The non-uniform distribution of pixels in $O_{HK}$ made it ineffective to uniformly partition the curvature distribution area. Points in $O_{HK}$ are distributed widely but most points are close to the origin. Uniform partition of the curvature feature space will result in non-uniform statistical features, e.g. a small number of units will contain most points and most units are empty, which will result in USCF matrices of different objects with no significant difference. Hence, we partition the curvature feature space non-uniformly according to the density to generate distinct USCF matrix with uniform statistical features.

Assume the curvature feature space of the image is Area, which is defined as $Area=\left\{ (H,K)|a<H<b,c<K<d \right\} $. We use delimiters $H_i(i = 0, 1,\dots , w)$ and $K_j(j = 0, 1,\dots , v)$ to divide curvature feature space Area into $w\times v$ parts, where $H_{i-1}<H_i$, $H_0=a$, $H_w=b$ and $K_{j-1}<K_j$, $K_0=c$, $K_v=d$. We denote a part as $Area_{ji}$, which is defined as follows:

$$\begin{aligned} Area_{ji}=\left\{ (H,K)|H_{i-1}<H\le H_i,K_{j-1}<K\le K_j\right\} \end{aligned}$$

(11)

where $i=1,2,\dots ,w$ and $j=1,2,\dots ,v$.

We use $count(Area_{ji})$ to represent the number of pixels whose curvature coordinates (H, K) are located in $Area_{ji}$. Subsequently, we can define the USCF matrix as follows:

$$\begin{aligned} D=\left[ count(Area_{ji})\right] _{v\times w} \end{aligned}$$

(12)

The USCF matrix D reflects the curvature feature of a curved surface and we use it to represent the image that the curved surface is fitted from.

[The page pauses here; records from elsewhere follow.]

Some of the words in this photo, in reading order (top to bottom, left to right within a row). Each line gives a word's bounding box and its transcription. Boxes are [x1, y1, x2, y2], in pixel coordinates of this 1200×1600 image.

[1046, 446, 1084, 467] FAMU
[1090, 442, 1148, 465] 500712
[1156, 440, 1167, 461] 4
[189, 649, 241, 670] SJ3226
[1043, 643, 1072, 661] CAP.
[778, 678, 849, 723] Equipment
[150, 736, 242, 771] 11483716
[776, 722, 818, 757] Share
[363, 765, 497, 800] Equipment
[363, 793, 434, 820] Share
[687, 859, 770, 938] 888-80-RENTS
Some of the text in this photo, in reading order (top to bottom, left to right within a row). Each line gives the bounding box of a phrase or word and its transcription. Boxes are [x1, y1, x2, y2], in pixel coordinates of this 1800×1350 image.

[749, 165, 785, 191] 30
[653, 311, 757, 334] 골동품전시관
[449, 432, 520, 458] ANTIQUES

The recognition ability of USCF algorithm depends on the partition of curvature feature space. The more units curvature feature space is divided into, the more detailed textures of an object are kept. Meanwhile, the recognition result can be easily affected by image change because smaller unit partition weakens general feature and is more sensitive to local feature variation. On the other side, the less parts curvature feature space is divided into, the better image change immunity of USCF algorithm is, with the cost of reducing the recognition precision of USCF algorithm.

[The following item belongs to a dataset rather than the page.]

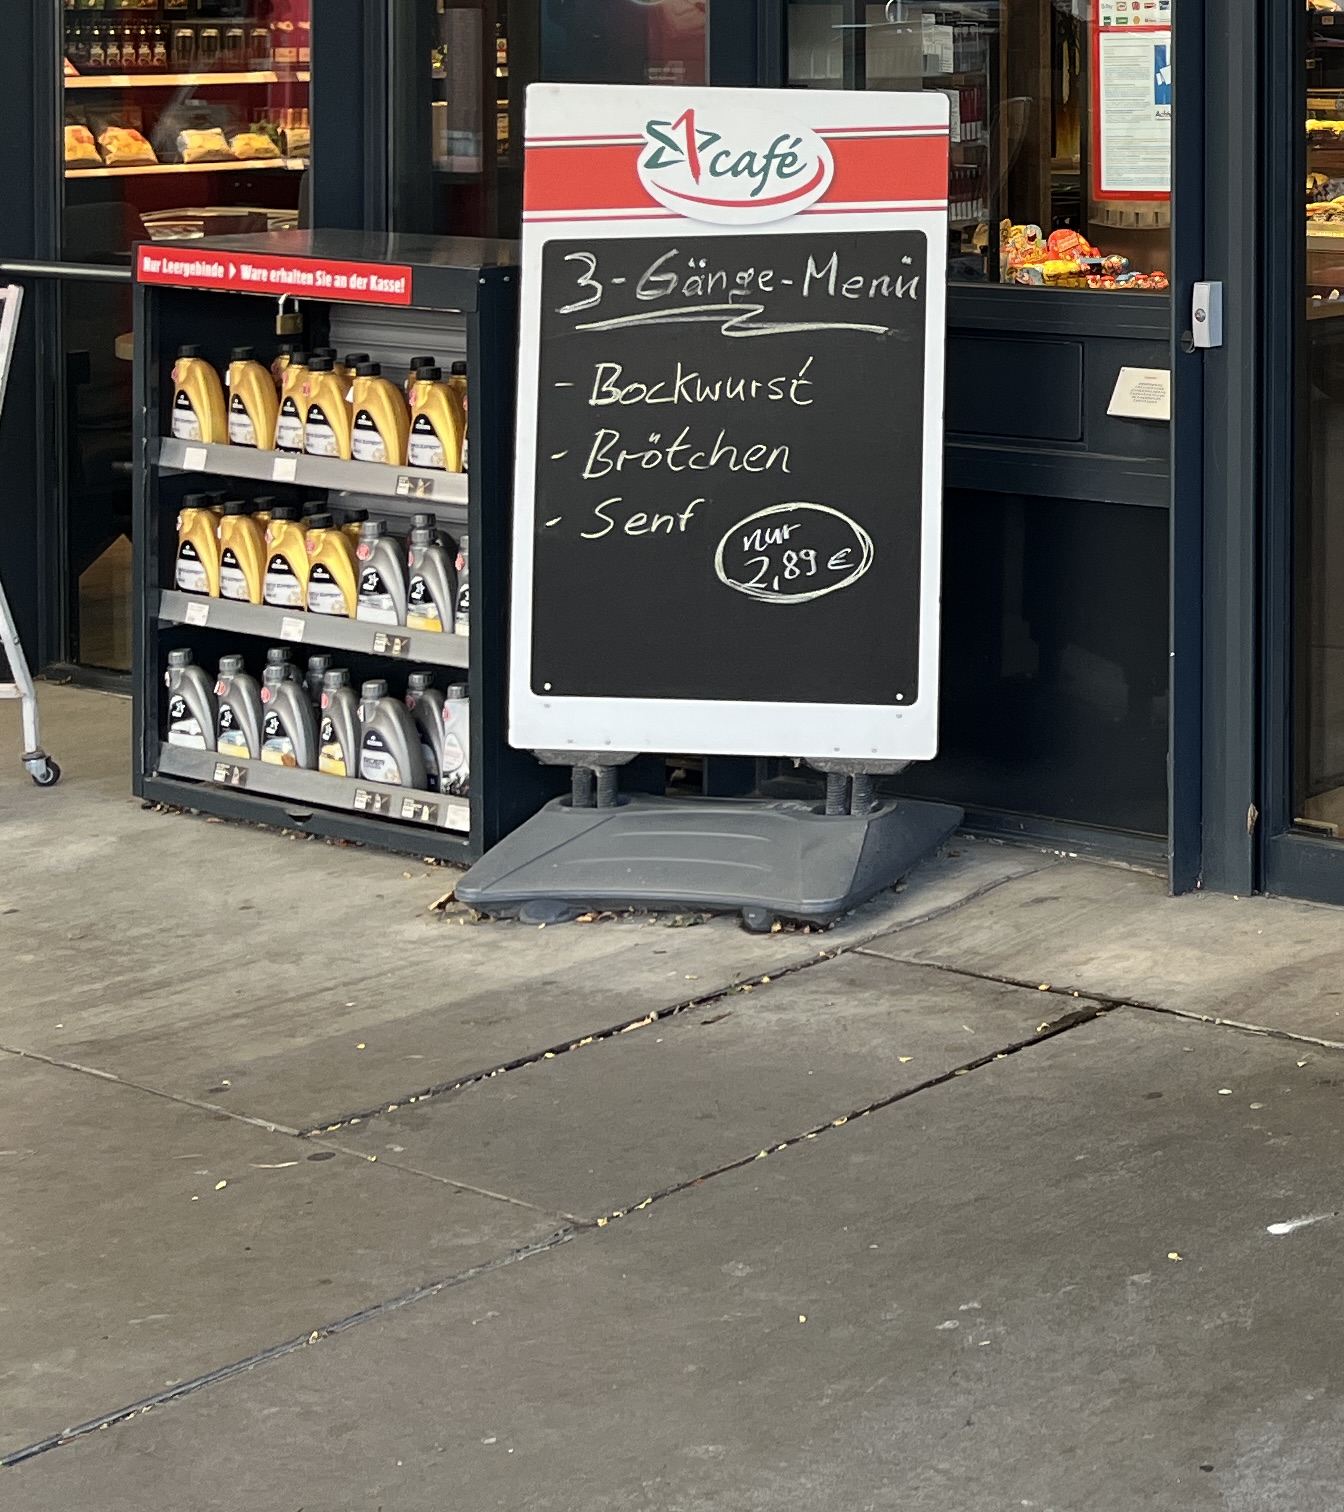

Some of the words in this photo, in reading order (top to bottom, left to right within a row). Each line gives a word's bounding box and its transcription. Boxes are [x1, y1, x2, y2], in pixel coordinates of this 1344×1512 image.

3.4 Compare the Similarity of USCF Matrices

We can obtain the similarity of template object image and candidate object image by comparing the similarity of their USCF matrices. Let D[i, j] represent the element located in the ith row and the jth column of matrix D. Let $D_T$ and $D_M$ represent the USCF matrices of template object image and candidate object image, respectively. We define dist as the metric to measure the similarity between $D_T$ and $D_M$ by calculating their Euclidean distance. To normalize dist so that all the values are in [0, 1], every element in the matrix will be divided by the sum of all elements in the matrix.

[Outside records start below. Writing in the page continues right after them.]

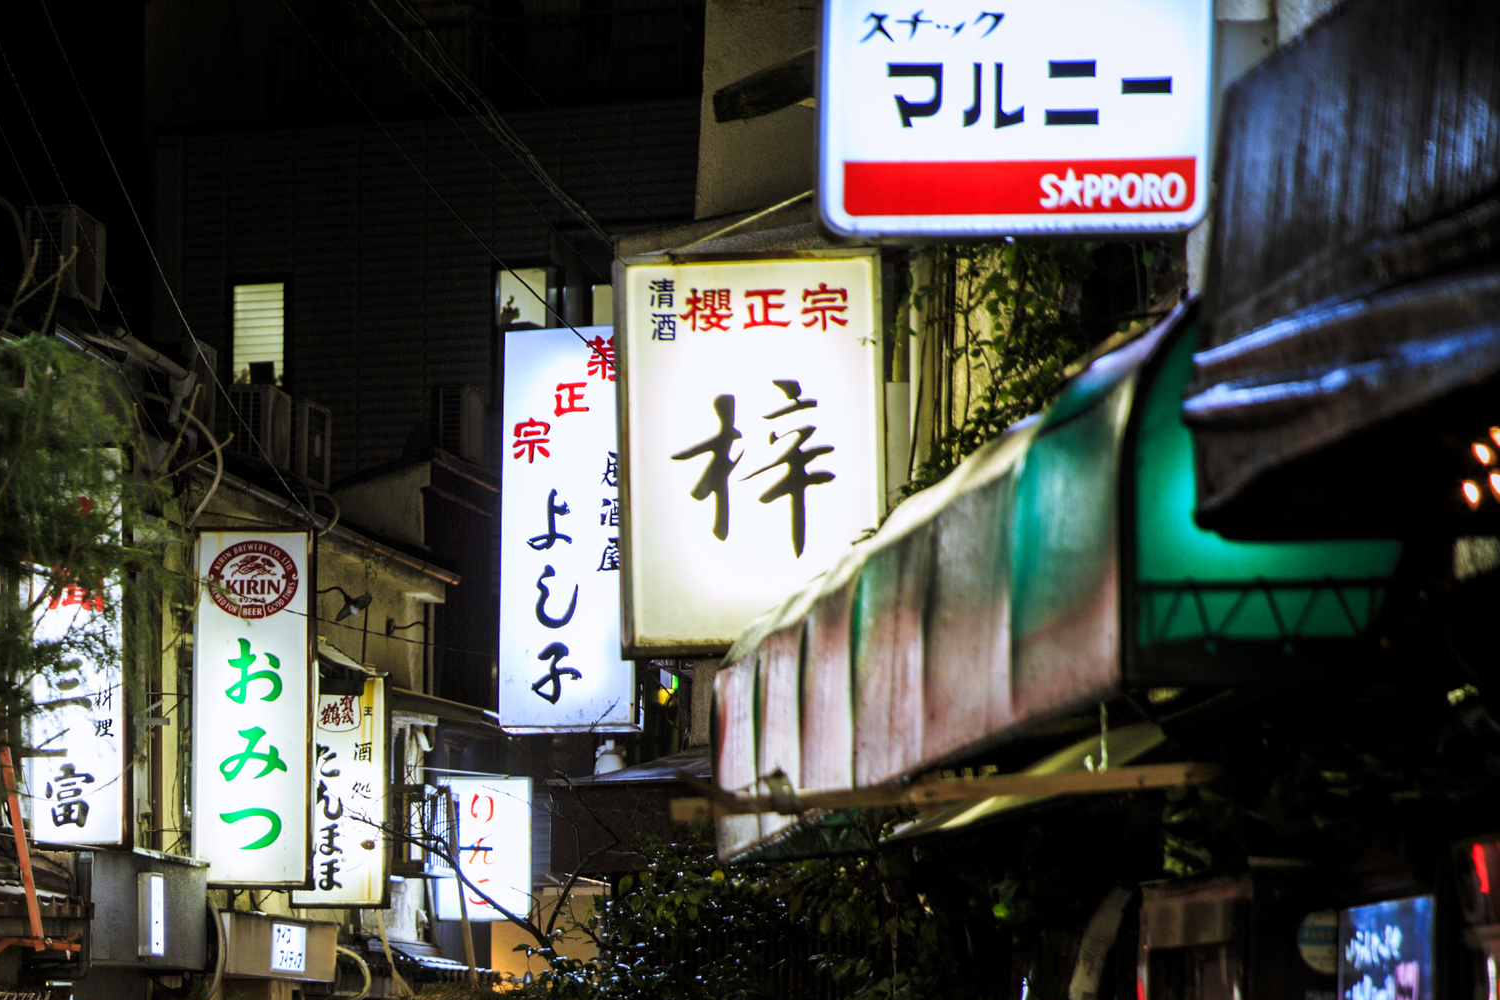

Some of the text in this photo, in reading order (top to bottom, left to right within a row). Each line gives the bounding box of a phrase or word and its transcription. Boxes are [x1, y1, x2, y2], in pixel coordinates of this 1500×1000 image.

[858, 10, 1006, 44] スナック
[886, 60, 1174, 130] マルニー
[648, 279, 676, 342] 清酒
[671, 379, 836, 559] 梓
[233, 543, 269, 555] BREWERY
[225, 579, 281, 596] KIRIN
[242, 607, 263, 616] BEER
[526, 487, 583, 704] よし子
[218, 637, 288, 850] おみつ
[351, 741, 373, 800] 酒処

$$\begin{aligned} dist=\sum _{i=1}^v\sum _{j=1}^w\left( D_T[i,j]\big /\sum _{p=1}^v\sum _{q=1}^wD_T[p,q]-D_M[i,j]\big /\sum _{p=1}^v\sum _{q=1}^wD_M[p,q] \right) ^2 \end{aligned}$$

(13)

The value of dist represents the degree of similarity between template and candidate images. If $D_T = D_M$, the value of dist is equal to zero.

4 Experimental Results

All experiments in this section were carried out on a desktop PC with Intel(R) Core(TM) i5-3470 CPU and 8 GB memory space. USCF algorithm was compared with SIFT, SURF, ORB, gray histogram, entropy, unit entropy, GIST, HoG and Hu’s moment invariants algorithms on ALOI-COL Database, COIL-100 Database, ETH-80 Database and ETHZ another 53 Objects Database, respectively. SIFT, SURF, ORB, HoG and Hu’s moment invariants algorithms were provided by OpenCV 3.0. Other algorithms were programmed in C++ language.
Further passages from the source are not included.